Agudelo aveva firmato un pre-contratto con lo Stoke City nell'agosto 2013, ma non ha poi potuto giocare in Premier League perché gli fu negato il permesso di lavoro appena arrivato nello Staffordshire. Il problema è che per ottenere un permesso di lavoro nel Regno Unito il giocatore deve aver giocato il 75% dei match della sua nazionale negli ultimi due anni, Agudelo ne ha disputati solo 3. Inoltre questo non è il momento migliore, visto che la FA ha recentemente presentato un piano per ridurre gli extracomunitari nel calcio inglese e dare più possibilità ai giocatori britannici.
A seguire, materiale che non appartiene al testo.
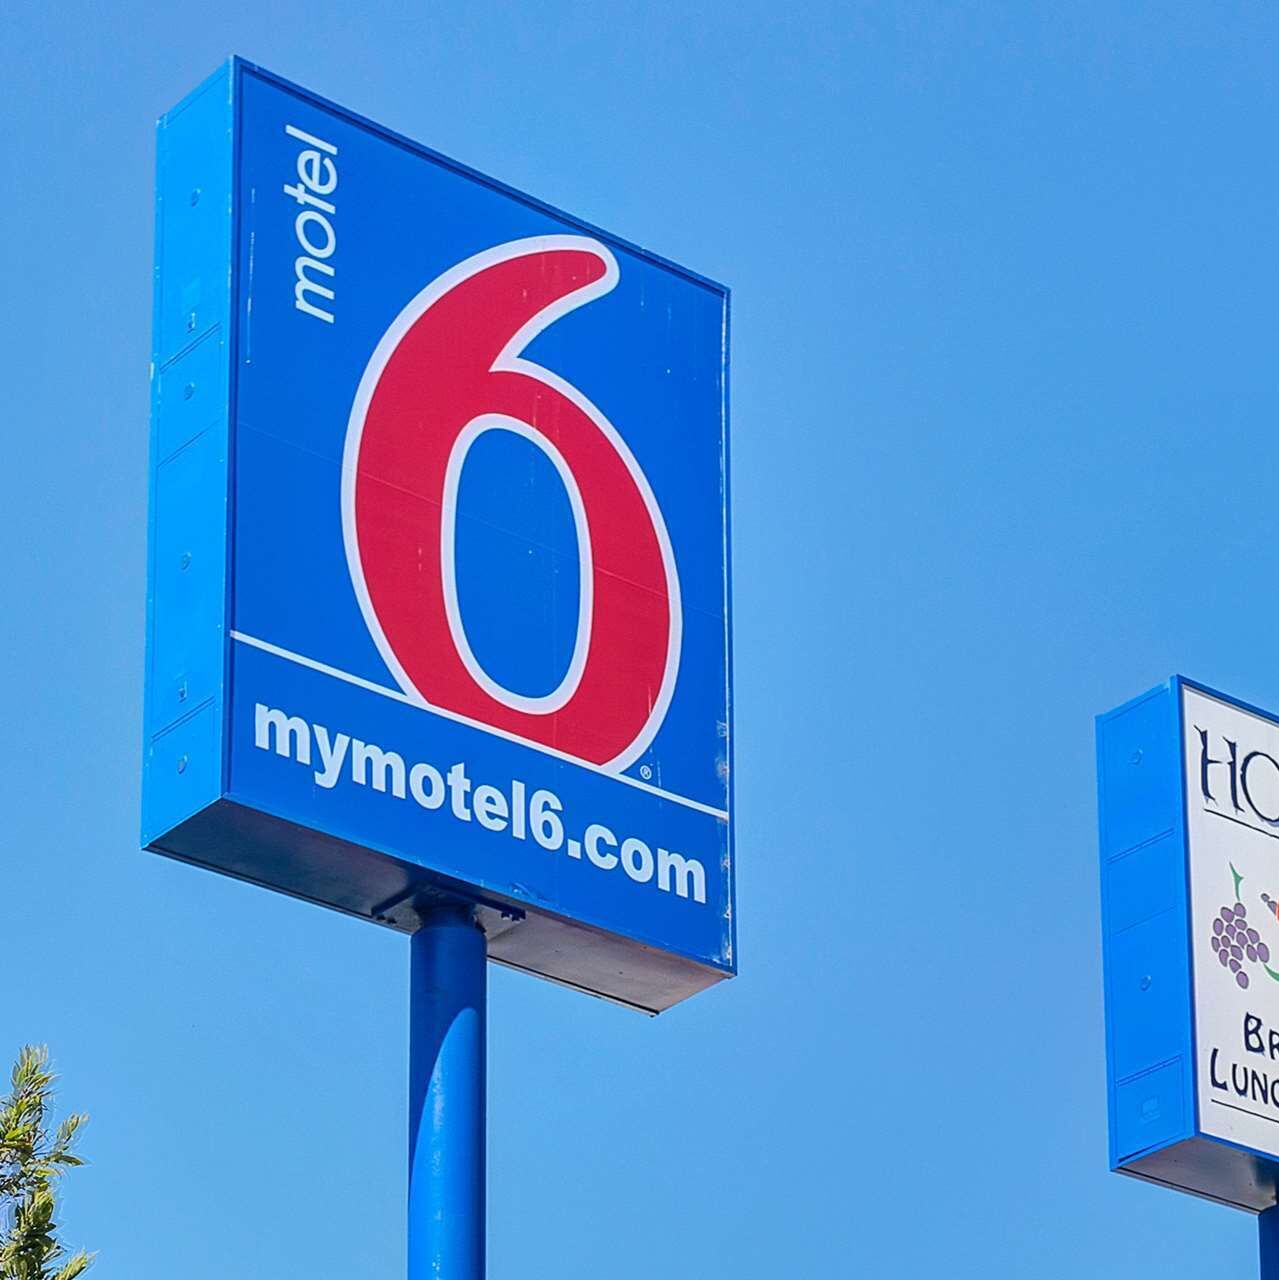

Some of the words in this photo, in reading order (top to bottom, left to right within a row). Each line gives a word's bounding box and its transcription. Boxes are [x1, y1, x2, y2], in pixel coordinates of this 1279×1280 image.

[284, 125, 338, 324] motel
[341, 234, 682, 773] 6
[254, 703, 706, 903] mymotel6.com
La voce sta già circolando nell'ambiente dei Potters ed i tifosi si dicono molto delusi per questa decisione. Ancora nessun commento ufficiale da parte dello Stoke City.
Sempre secondo Goal USA a questo punto il calciatore diventerebbe svincolato dal contratto che Agudelo ha firmato a gennaio e sarebbe libero di firmare per qualunque squadra. Nel caso in cui decidesse di tornare nella MLS i suoi diritti apparterrebbero ai New England Revolution.